What is Peripheral Neuropathy (Foot Neuropathy)?

Foot neuropathy is caused by damaged, diseased, or inflamed peripheral nerves of the foot or feet. Numbness, pain, burning, sensory loss, muscle weakness, and slowed reflexes in the foot are all tell-tale signs of foot neuropathy.


Although diabetic neuropathy is the most common cause of foot neuropathy, other diseases can cause this condition such as:







  • HIV.
  • Lyme disease.
  • Leprosy.
  • Alcoholism.

Pain from peripheral neuropathy is often described as a tingling or burning sensation. There is no specific length of time that the pain exists, but symptoms often improve given some time – especially if the neuropathy has an underlying medical condition that has the ability to be cured. The condition is often associated with poor nutrition, a number of diseases, and pressure or trauma, but many cases have no real known cause. If this is the case, it is called idiopathic neuropathy.
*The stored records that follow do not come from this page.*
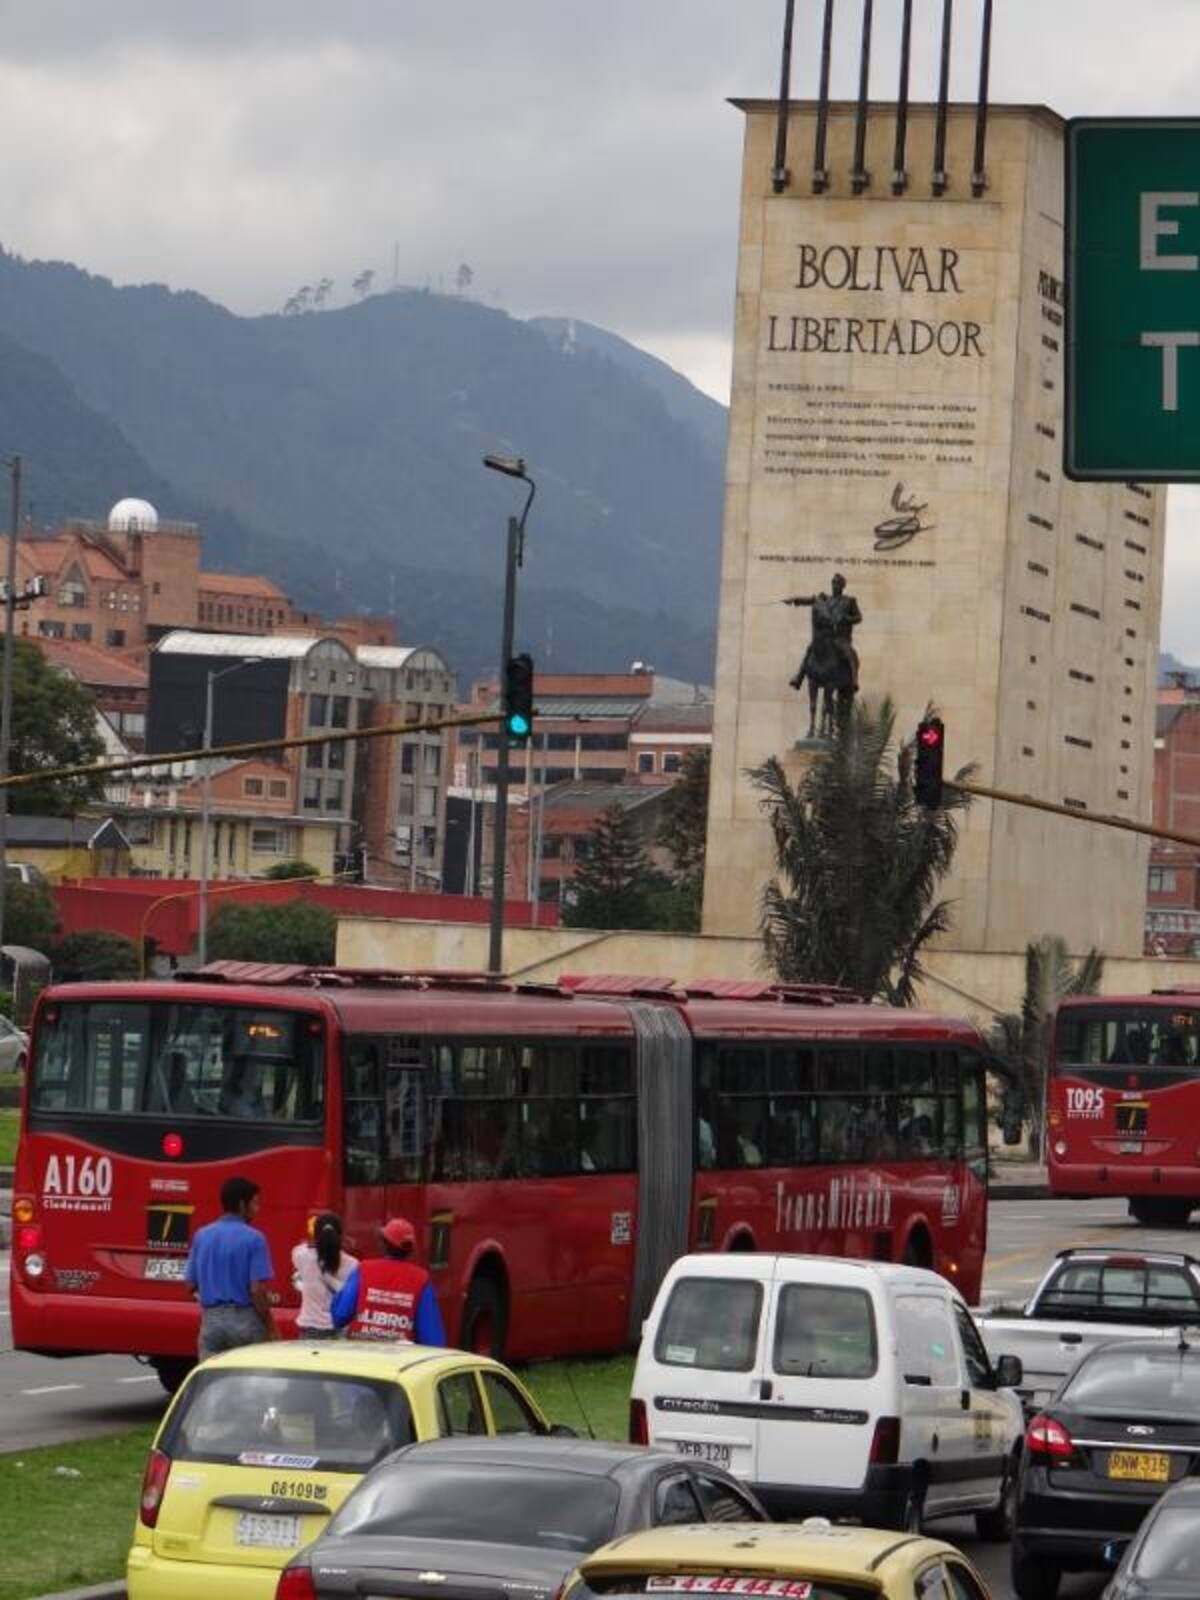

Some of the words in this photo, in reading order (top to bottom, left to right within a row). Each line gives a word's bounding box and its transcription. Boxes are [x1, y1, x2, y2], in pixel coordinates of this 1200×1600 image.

[1140, 191, 1199, 270] E
[795, 244, 964, 293] BOLIVAR
[768, 315, 986, 357] LIBERTADOR
[1140, 331, 1200, 411] T
[1066, 1087, 1105, 1110] T095
[43, 1154, 113, 1196] A160
[271, 1481, 313, 1498] 08109
How is Peripheral Neuropathy Treated?

There are a variety of treatments available for peripheral neuropathy. Depending upon the cause, there are different treatments available. In many cases, if the disease is detected early enough, that is before nerve cells have been destroyed, full recovery from foot neuropathy is possible.

Treatment ranges from traditional pills and creams to special diets and therapies that stimulate the nervous system. Antidepressants, especially tricyclics and selective serotonin-norepinephrine re-uptake inhibitors, are used to relieve neuropathic pain in non-depressed persons.
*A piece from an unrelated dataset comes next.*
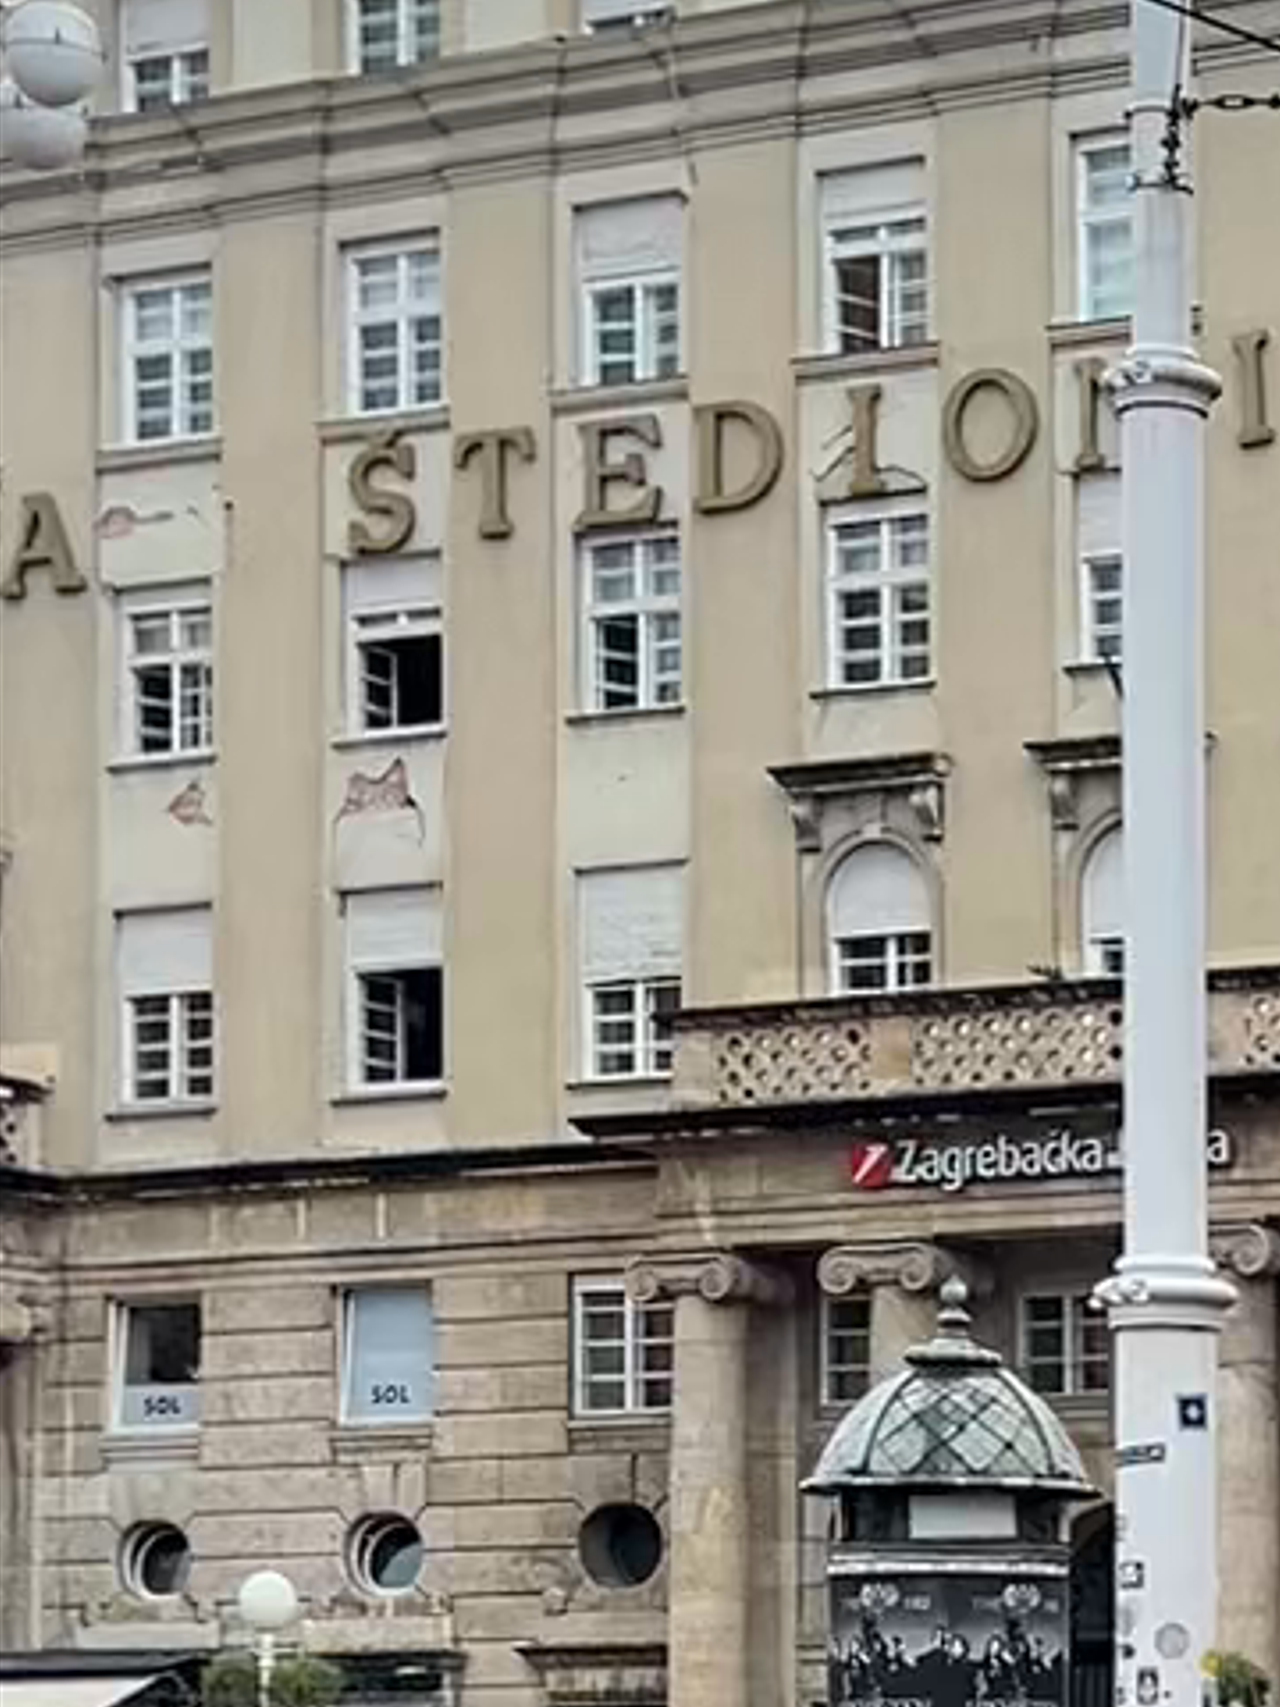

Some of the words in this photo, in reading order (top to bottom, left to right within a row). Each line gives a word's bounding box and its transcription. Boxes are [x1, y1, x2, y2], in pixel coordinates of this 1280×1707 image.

[891, 1129, 1102, 1191] Zagrebačka
[371, 1384, 411, 1404] SOL
[143, 1396, 182, 1415] SOL
Another class of medicines commonly prescribed for neuropathy is that of anticonvulsants. These medicines help block or limit pain. Additionally, opioid narcotic treatments for neuropathy are used as well to treat the condition, but have the risk of dependency. However, opioids have been the most consistently effective in reducing pain.
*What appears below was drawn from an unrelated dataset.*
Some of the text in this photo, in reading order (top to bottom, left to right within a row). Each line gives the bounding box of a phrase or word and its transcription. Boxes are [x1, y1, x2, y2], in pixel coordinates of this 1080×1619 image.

Alternative therapies for peripheral neuropathy include cannabinoids (an class of chemicals found in marijuana), Botulinum Toxin Type A, NMDA antagonists, dietary supplements, chiropractic massages, yoga, meditation, cognitive therapy, and acupuncture.
A final class of therapies for neuropathy is called neuromodulators. These include both implantable and non-implantable technologies (electrical and chemical) such as spinal cord stimulators, implanted spinal pumps, electrodes that stimulate the motor cortex of the brain, and methods called deep brain stimulation.